▶ [To do]: Once the images are set aside, print the remaining lines below exactly.

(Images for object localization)
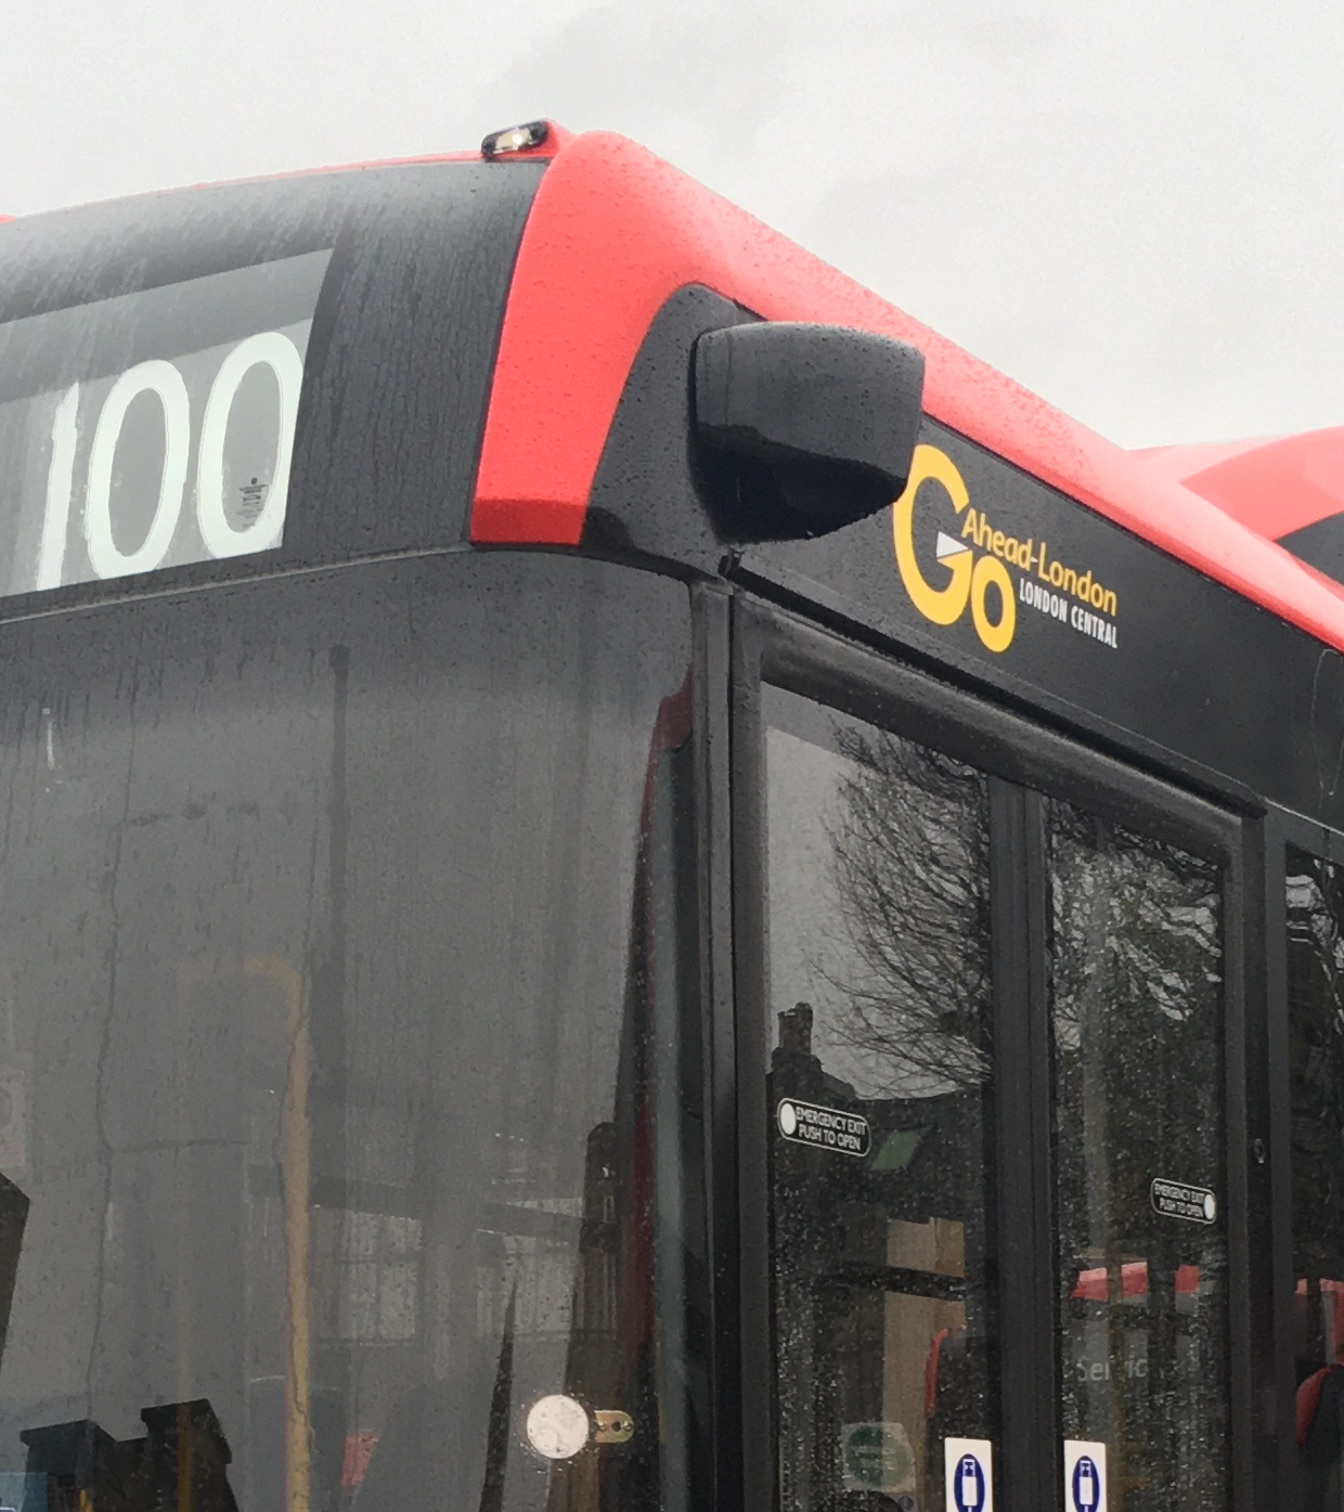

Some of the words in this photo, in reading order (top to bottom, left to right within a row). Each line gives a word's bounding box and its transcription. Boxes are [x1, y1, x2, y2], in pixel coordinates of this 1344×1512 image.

[37, 331, 303, 590] 100
[892, 443, 1017, 653] Go
[1019, 577, 1068, 624] LONDON
[1070, 604, 1118, 649] CENTRAL
[796, 1106, 846, 1131] EMERGENCY
[847, 1119, 866, 1135] EXIT
[799, 1123, 822, 1141] PUSH
[823, 1129, 836, 1145] TO
[837, 1132, 861, 1150] OPEN
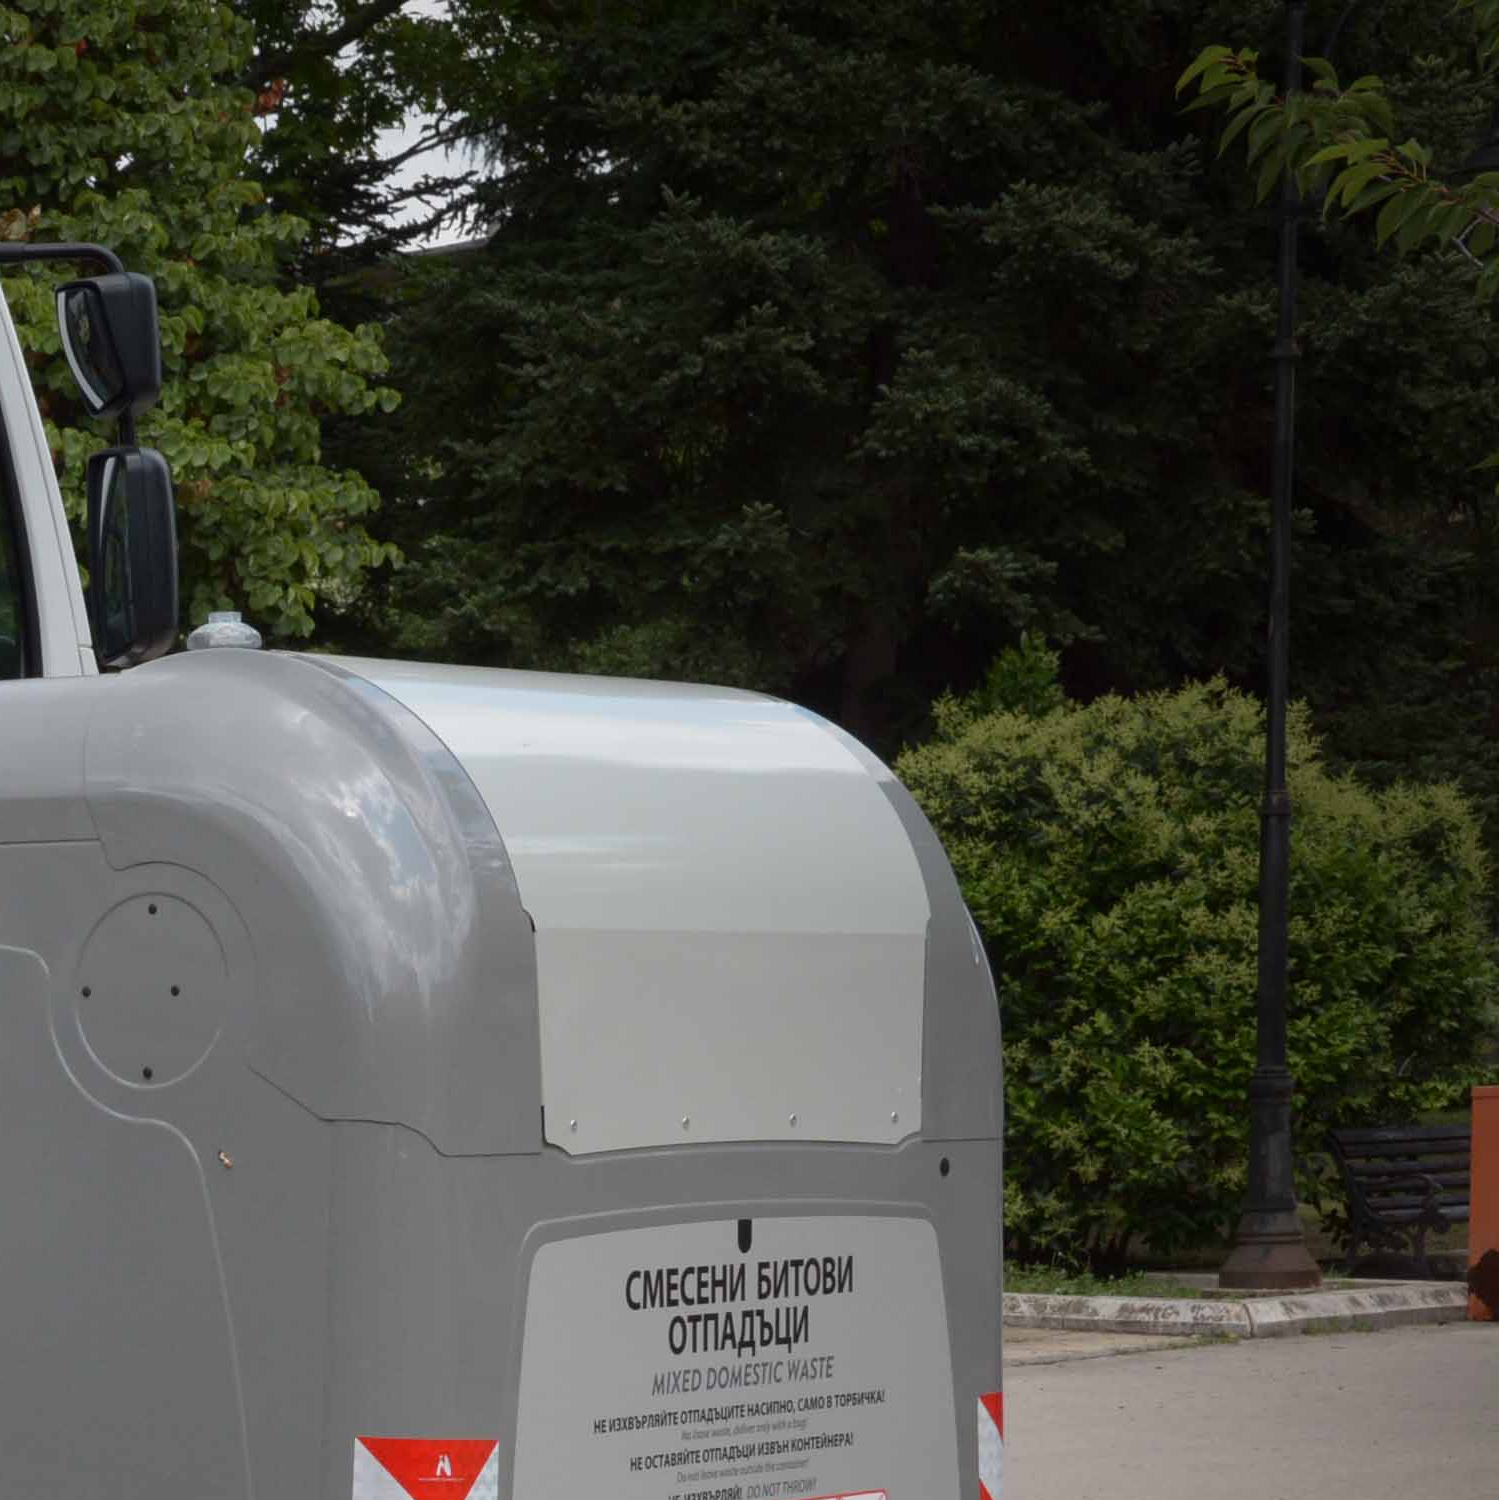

▶ [Response area]:
Some of the words in this photo, in reading order (top to bottom, left to right within a row). Each line gives a word's bounding box and its transcription. Boxes are [x1, y1, x2, y2], in pixel coordinates of this 1344×1512 image.

[37, 331, 303, 590] 100
[892, 443, 1017, 653] Go
[1019, 577, 1068, 624] LONDON
[1070, 604, 1118, 649] CENTRAL
[796, 1106, 846, 1131] EMERGENCY
[847, 1119, 866, 1135] EXIT
[799, 1123, 822, 1141] PUSH
[823, 1129, 836, 1145] TO
[837, 1132, 861, 1150] OPEN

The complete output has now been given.